Wissen Sie noch? Auch wir waren einmal jung, suchten eine schöne Frau zum Verlieben und Heiraten. Im Dorf hiess es damals noch, findet eine Frau bis 30 keinen Mann, wird aus ihr eine alte Jungfer, oder sie bekommt zumindest Torschlusspanik. Einem Mittdreissiger ohne Frau prophezeite man, er würde nie mehr eine finden, oder, wie mein Vater zu sagen pflegte: «Eher kommt ein Witwer zu drei, als ein alter Junggeselle zu einer Frau.» Und so war es meist auch.

Wir jungen Leute waren verliebt, heirateten und wurden glücklich. Zu diesem Glück sollten auch Kinder und ein eigenes Heim gehören. Wir sparten also, machten keinen Urlaub, fuhren ein altes kleines Auto und sparten noch mehr. Und dann war das erste Kind angesagt. Ich vergesse nie mehr, wie mich meine Frau in der Nacht weckte und meinte, es sei soweit. Ich war so nervös, rief das Spital an, und wir fuhren los. Im Krankenhaus begann dann das grosse Warten. Die ersehnte Tochter wollte nicht so schnell ans Tageslicht. 16 Stunden dauerte die Prozedur. Das ging mir zu lange, und ich ging zur Arbeit. Nach der Arbeit wieder ins Spital, am nächsten Tag wieder zur Arbeit. Jetzt aber als sehr stolzer Vater. Und dann kam die Mutter nach Hause, ich nahm eine Woche Ferien, und alles war gut. Das Glück vollkommen.

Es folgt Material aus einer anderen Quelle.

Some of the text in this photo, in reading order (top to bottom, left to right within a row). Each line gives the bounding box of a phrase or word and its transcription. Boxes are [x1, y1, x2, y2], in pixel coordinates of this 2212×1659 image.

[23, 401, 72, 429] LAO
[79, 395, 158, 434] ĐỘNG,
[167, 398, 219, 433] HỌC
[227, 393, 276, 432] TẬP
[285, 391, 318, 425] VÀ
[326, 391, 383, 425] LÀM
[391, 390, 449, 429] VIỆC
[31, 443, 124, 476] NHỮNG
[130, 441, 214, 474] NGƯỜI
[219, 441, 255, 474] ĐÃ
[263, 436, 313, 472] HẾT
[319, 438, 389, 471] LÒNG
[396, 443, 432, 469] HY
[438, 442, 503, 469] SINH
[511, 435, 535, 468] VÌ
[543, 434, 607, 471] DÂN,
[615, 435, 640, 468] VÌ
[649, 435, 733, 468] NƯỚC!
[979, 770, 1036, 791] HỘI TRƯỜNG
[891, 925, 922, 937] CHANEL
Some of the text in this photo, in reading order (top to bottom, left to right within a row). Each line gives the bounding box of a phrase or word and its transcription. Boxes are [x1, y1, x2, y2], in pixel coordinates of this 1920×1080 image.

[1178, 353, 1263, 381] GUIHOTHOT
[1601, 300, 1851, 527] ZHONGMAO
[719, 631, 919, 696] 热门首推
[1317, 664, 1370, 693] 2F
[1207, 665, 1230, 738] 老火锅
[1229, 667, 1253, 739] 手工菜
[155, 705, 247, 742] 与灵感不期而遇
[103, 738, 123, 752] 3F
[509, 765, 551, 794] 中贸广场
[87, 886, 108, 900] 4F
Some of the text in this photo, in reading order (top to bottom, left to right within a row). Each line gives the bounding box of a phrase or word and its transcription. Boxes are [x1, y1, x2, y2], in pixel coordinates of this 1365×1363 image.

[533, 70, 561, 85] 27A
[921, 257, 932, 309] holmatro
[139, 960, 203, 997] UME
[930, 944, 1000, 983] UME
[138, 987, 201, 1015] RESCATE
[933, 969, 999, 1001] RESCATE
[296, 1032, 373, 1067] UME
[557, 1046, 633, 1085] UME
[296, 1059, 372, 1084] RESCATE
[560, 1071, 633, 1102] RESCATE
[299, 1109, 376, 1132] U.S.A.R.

Und heute? Gewerkschaften und weitere Organisationen, inklusive Exponenten der CVP, haben die Volksinitiative «Für einen vernünftigen Vaterschaftsurlaub – zum Nutzen der ganzen Familie» eingereicht. Die Zeit nach der Geburt sei wichtig für die Familie. Und weil das Zusammensein so wichtig ist, soll der geforderte Vaterschaftsurlaub innerhalb eines Jahres genommen werden können! Also nicht zwingend nach der Geburt. In den Monaten nach der Geburt kann aber schon wieder alles anders sein, und das Kind im Hort, was auch wieder der Staat bezahlen soll. Und woher hat der das Geld? Eine Tasse Kaffee pro Jahr würde das Ganze den Steuerzahler kosten, meinen die Initianten. Sehr teuren Kaffee trinken die, denn total kostet der Vaterschaftsurlaub 380 Millionen Franken. Als Entgelt für den Vater wegen der schweren Geburt? Wenn sich auch die Väter von der Geburt erholen müssen, dann sollen sie regulär Ferien beziehen. Davon hat man ja heute auch mehr als früher. Wir blähen den Sozialstaat auf, und irgendwann ist dann alles zu teuer. «Spare in der Zeit, dann hast du in der Not.» Das gibt es heute nicht mehr. Eher: «Verbrauche in der Zeit, dann hast du nichts in der Not.»

Ihr Ansgar Gmür

«Ich möchte dich aufklären», sagt die Mutter zu ihrer 16-jährigen Tochter, «denn in sieben Monaten bekommst du ein Schwesterchen.» «Nicht nötig, Mami. In sechs Monaten wirst du Oma.»

Eine junge Frau bekommt Zwillinge und weint ununterbrochen. Da fragt die Hebamme besorgt, warum sie denn so weine. Die junge Frau antwortet: «Ich weiss nicht, von wem das Zweite ist!»